Output each of the entries exactly, skipping every picture they contain.

Saved entries
==*==

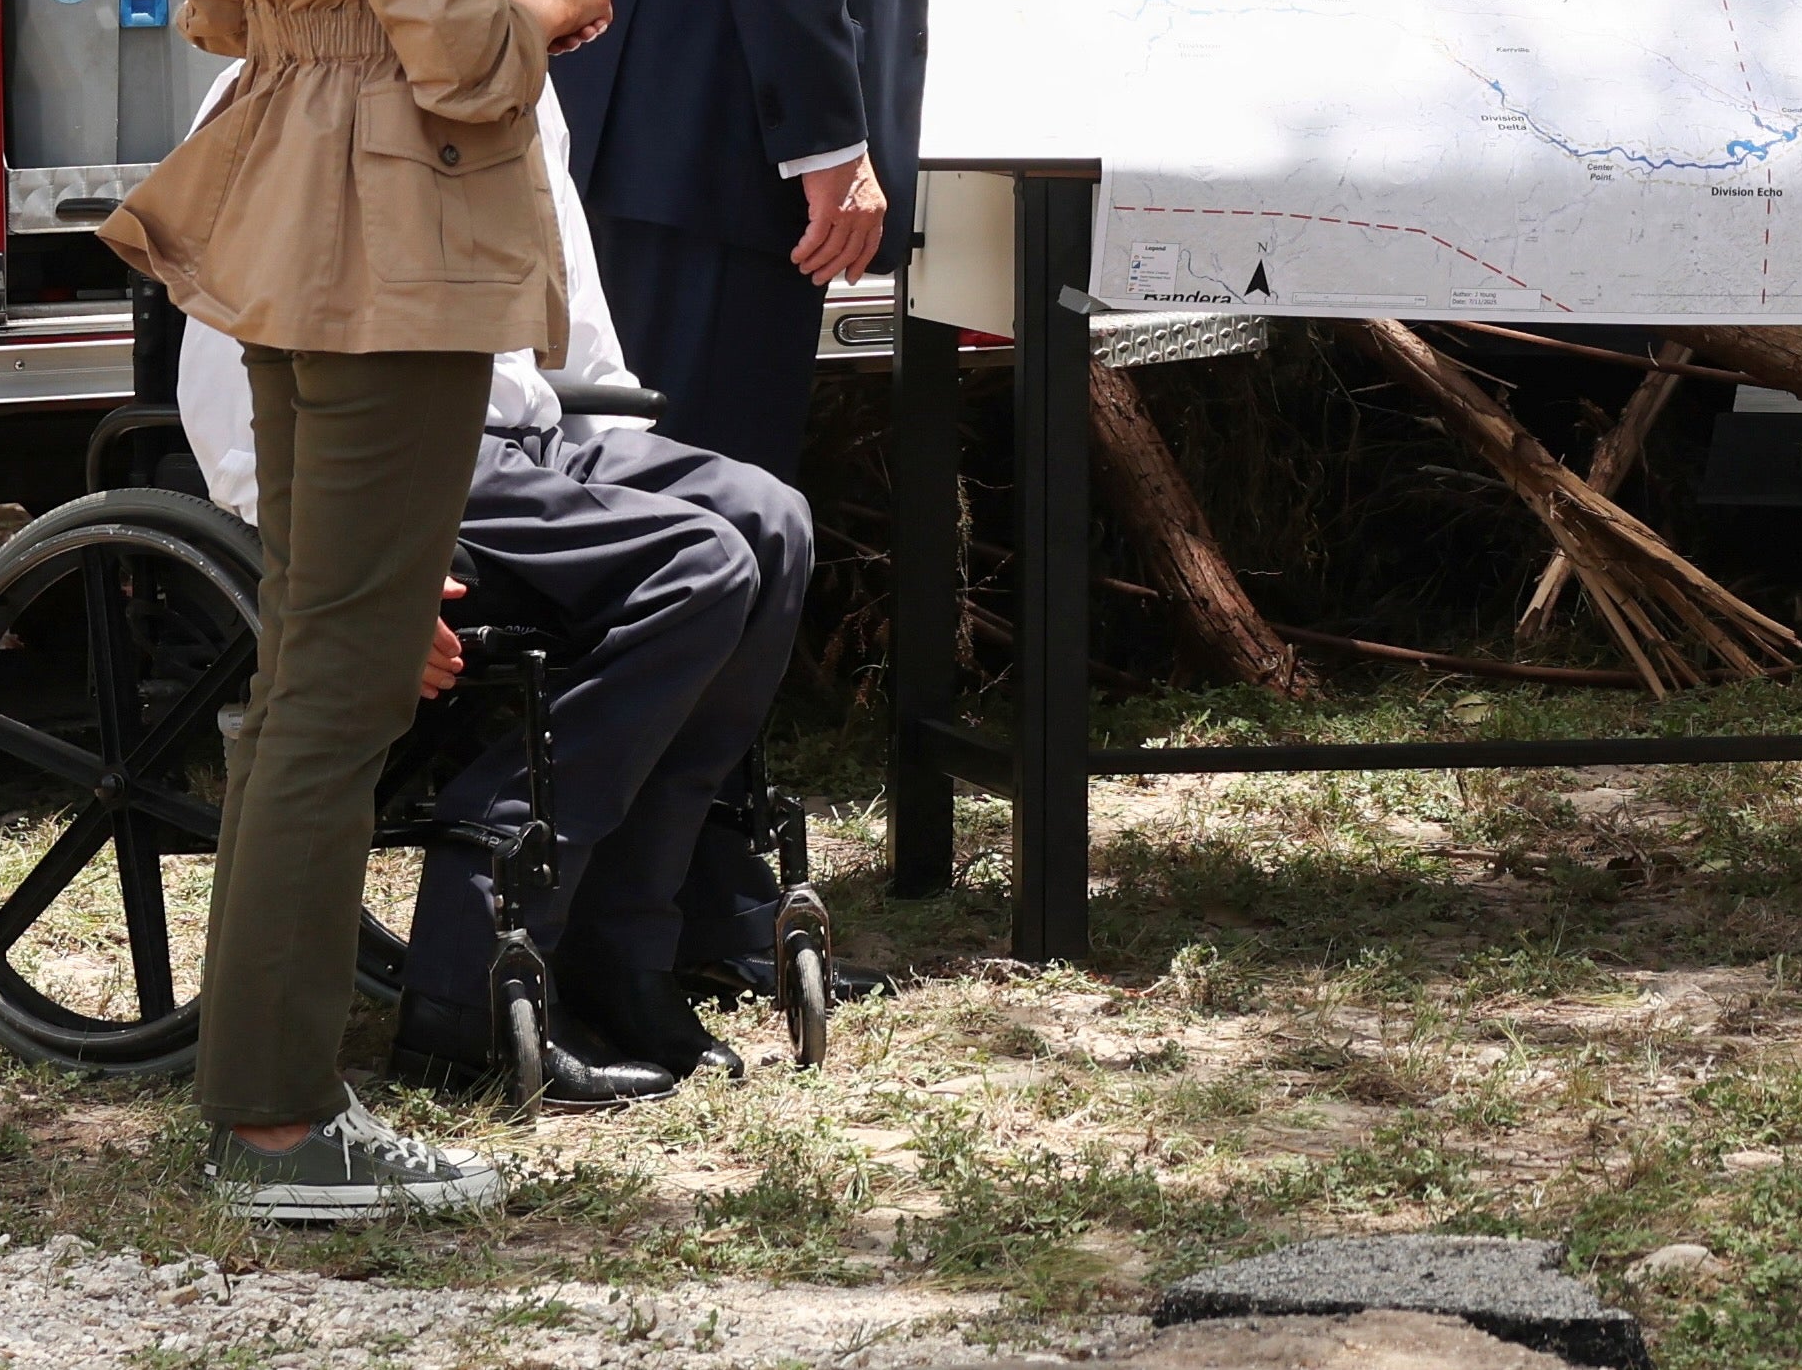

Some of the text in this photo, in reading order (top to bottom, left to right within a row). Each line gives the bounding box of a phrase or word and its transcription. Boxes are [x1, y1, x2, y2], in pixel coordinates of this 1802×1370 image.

[1481, 115, 1525, 123] Division
[1498, 123, 1527, 131] Delta
[1587, 163, 1614, 171] Center
[1711, 187, 1783, 197] Division Echo
[1257, 242, 1268, 253] N

==*==

* Solution to this exercise
Some of the text in this photo, in reading order (top to bottom, left to right within a row). Each line gives the bounding box of a phrase or word and its transcription. Boxes are [x1, y1, x2, y2], in pixel coordinates of this 1802×1370 image.

[1481, 115, 1525, 123] Division
[1498, 123, 1527, 131] Delta
[1587, 163, 1614, 171] Center
[1711, 187, 1783, 197] Division Echo
[1257, 242, 1268, 253] N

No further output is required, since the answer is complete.